Edible Traditions – Hot Springs

Edible Traditions – Hot Springs

edble traditions

LETTING OFF STEAM

Seeking wellness in days past at Steamboat Hot Springs.

WRITTEN BY SHARON HONIG-BEAR

Steamboat Hot Springs colored postcard courtesy of Special Collections at the University of Nevada, Reno

When you think of famous hot spring resorts, you think Baden-Baden in Germany, Bath in England, or Vichy in France. In its time, Steamboat Hot Springs, located 11 miles south of Downtown Reno, would have been listed among them. Early settlers, famous visitors, and even a famous horse came to the thermal springs to “take the waters,” as they used to say, in order to cure many ills and improve their overall wellness.

A welcome stop

What a sight the springs were. Before 1900, the Steamboat area featured the third-largest geyser in the U.S., erupting 60 to 80 feet into the air, surrounded by open pools of boiling water. Native Americans often located their winter camps there. Emigrants coming through the Truckee Meadows in the mid-1800s used the springs for cooking and bathing.

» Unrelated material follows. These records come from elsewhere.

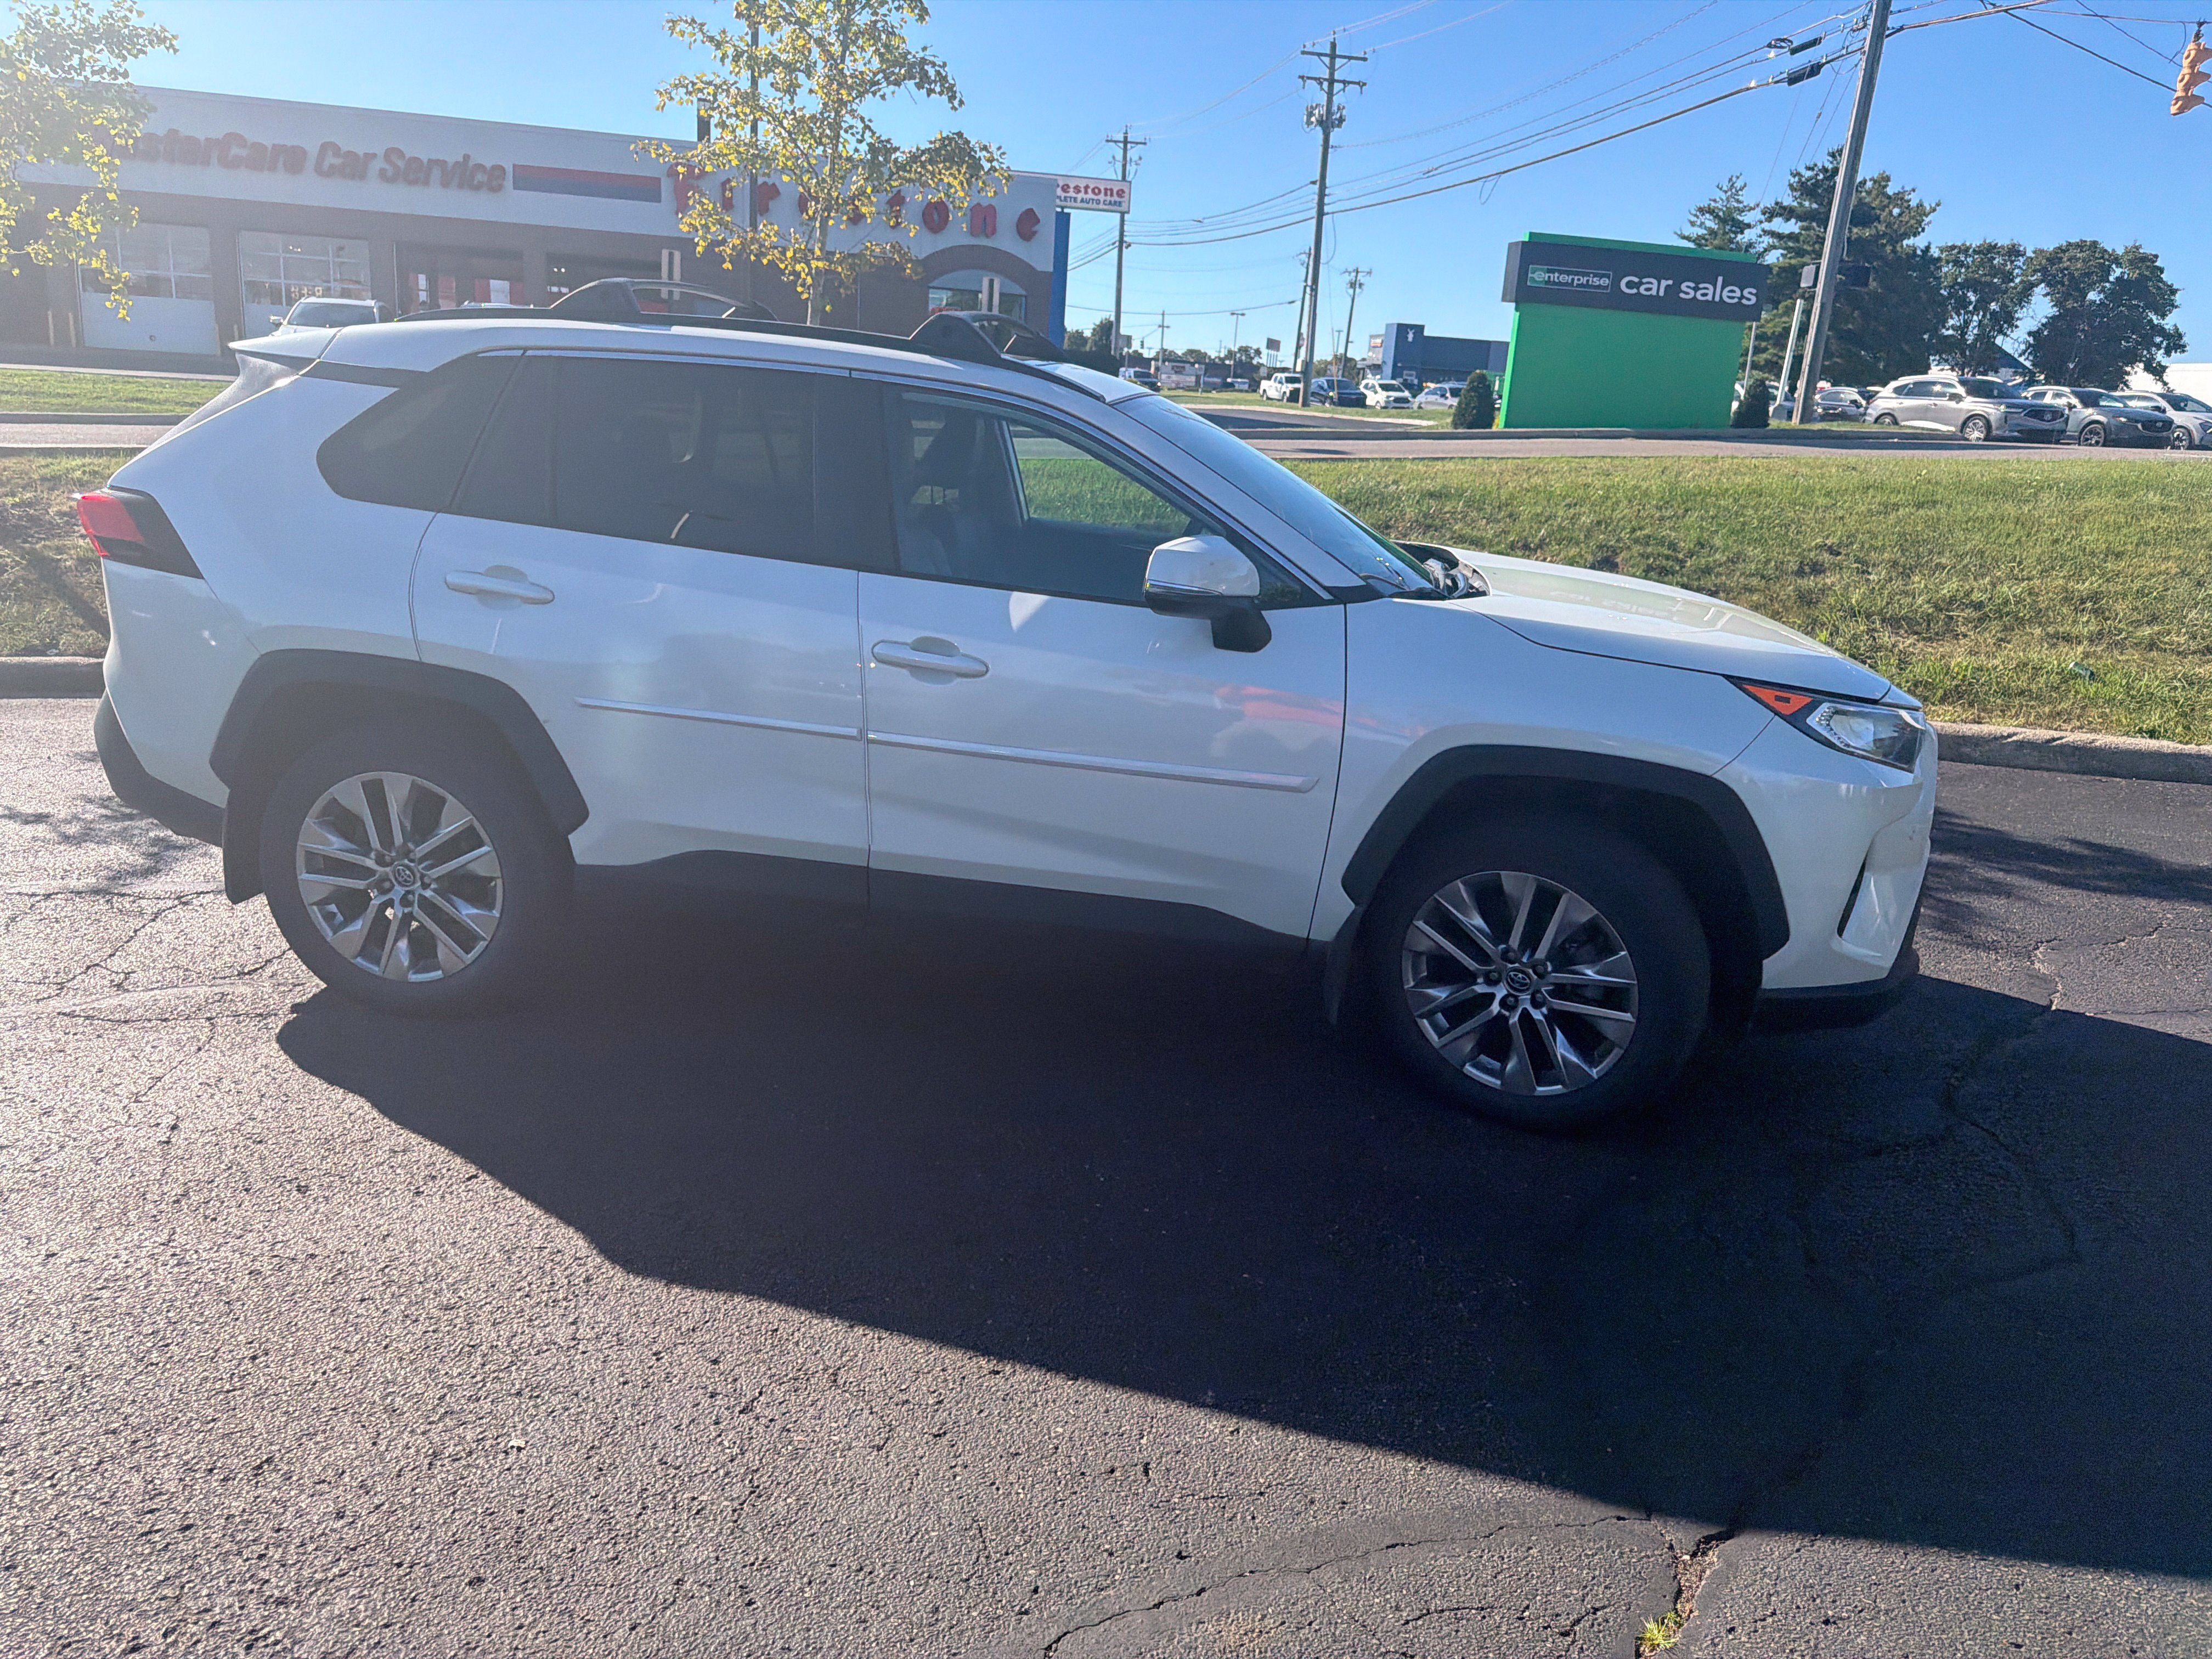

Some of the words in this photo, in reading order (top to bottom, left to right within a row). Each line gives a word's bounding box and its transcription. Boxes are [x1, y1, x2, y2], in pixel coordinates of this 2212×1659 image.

[91, 128, 307, 174] sterCare
[314, 141, 377, 180] Car
[379, 146, 506, 193] Service
[1057, 183, 1126, 199] estone
[1080, 197, 1101, 206] AUTO
[1103, 199, 1122, 207] CARE
[1533, 271, 1609, 287] enterprise
[1620, 276, 1673, 297] car
[1679, 276, 1757, 306] sales

Mark Twain publicized the Steamboat name in 1863 when he wrote, “From one spring the boiling water is ejected a foot or more by the infernal force at work below, and in the vicinity of all of them one can hear a constant rumbling and surging, somewhat resembling the noises peculiar to a steamboat in motion — hence the name.”

One hot spring became especially famous and was described with appetizing language in 1879 in the Nevada State Journal: “Among the springs … is one that when salt and pepper are added to its waters, tastes so near like chicken soup that it will deceive anyone. In fact some go so far as to say it out-chickens the genuine article.”

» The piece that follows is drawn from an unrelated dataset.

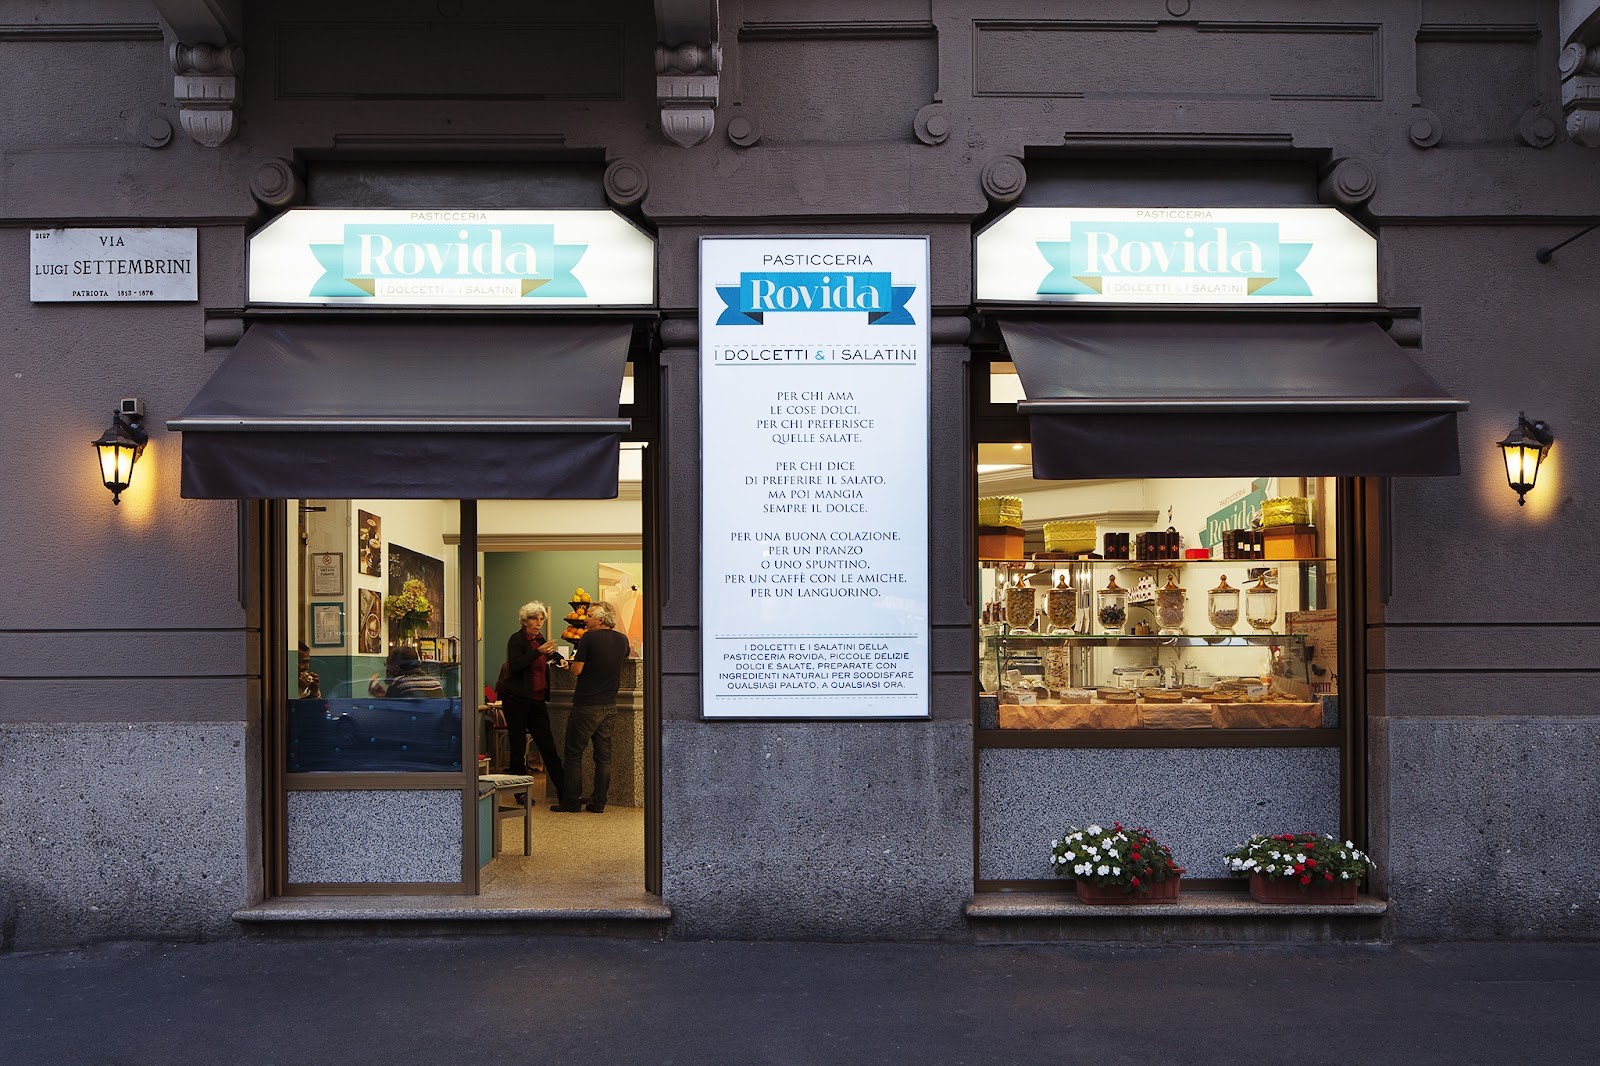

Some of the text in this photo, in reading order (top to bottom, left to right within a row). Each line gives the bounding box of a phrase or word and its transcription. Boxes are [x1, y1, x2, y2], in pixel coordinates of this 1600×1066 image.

Renamed Chicken Soup Hot Springs, the spring’s water was analyzed in the 1880s and found to contain natural chlorine, sodium, silica, borate, sulfate, carbonate, potassium, lithium, calcium, arsenic, phosphate, antimony, magnesium, alumina, iron, and mercury. Not exactly your mother’s chicken soup!

Edible Traditions Chicken Soup NEW wr
Chicken Soup Hot Springs photo courtesy of Western Nevada Historic Photo Collection

The Saratoga of Nevada

Whatever the water’s taste, the remote area was a magnet for visitors seeking promised cures for blood disorders, rheumatism, or nervous imbalance. By 1859-60, sheds were constructed to capture the steam and artesian spring water. It was Dr. James Ellis, a hydrotherapist from England, who created buzz about the springs when he established a hospital on the premises in 1861. The timing was perfect since the nearby silver mines of the Comstock Lode brought both traffic and renown. Volume further increased when the Virginia & Truckee Railroad finally reached Steamboat in 1871, making it only a half-hour ride from Downtown Reno. The Grand Hotel, a dance hall, and a saloon were added. President Ulysses S. Grant and his family visited in 1879. Author John Townley dubbed Steamboat “The Saratoga of Nevada.”

In the 1920s and ’30s, the area’s fame attracted the sports world. In 1931-32, Paulino Uzcudun, a Basque heavyweight boxer, and King Levinsky, a Chicago heavyweight, trained here with Jack Dempsey while preparing for 20-round bouts with Max Baer. Horses also used the springs, and champion Man o’ War arrived in the 1940s after sustaining serious injuries. Were the waters magic? The horse returned to win the Kentucky Derby, despite many thinking he would never race again.

Natural calamities

Nature often intervened in developments at the springs. On Dec. 10, 1900, an earthquake caused the hot springs and geyser to dry up. A year later, a wildfire burned the hotel and most of the other buildings. In 1925, Dr. Edna Carver bought the land, drilled a new well, and built the Pioneer State Health Hotel. Nature again triumphed with another devastating fire in 1937. Facilities were rebuilt, only to be burned again in 1942. Carver envisioned a major resort at Steamboat Springs. Noted architect Paul Revere Williams, who designed the Lear Theater and the Herman House at Rancho San Rafael in Reno and was widely known as architect to the stars, even created a master design for the resort. It was never built.

On a cold day, you still can see steam rising from the hills near Steamboat. Ormat Technologies Inc. harnesses some for its geothermal power plant. But tucked in the creases of earth east of U.S. Hwy. 395 Alternate, visitors still can take the waters at the Steamboat Hot Springs Healing Center and Spa, which connects visitors not only to the explosive earth but also to a little bit of extraordinary Nevada history.

Sharon Honig-Bear was the longtime restaurant writer for the Reno Gazette-Journal. She is a tour leader with Historic Reno Preservation Society and founder of the annual Reno Harvest of Homes Tour.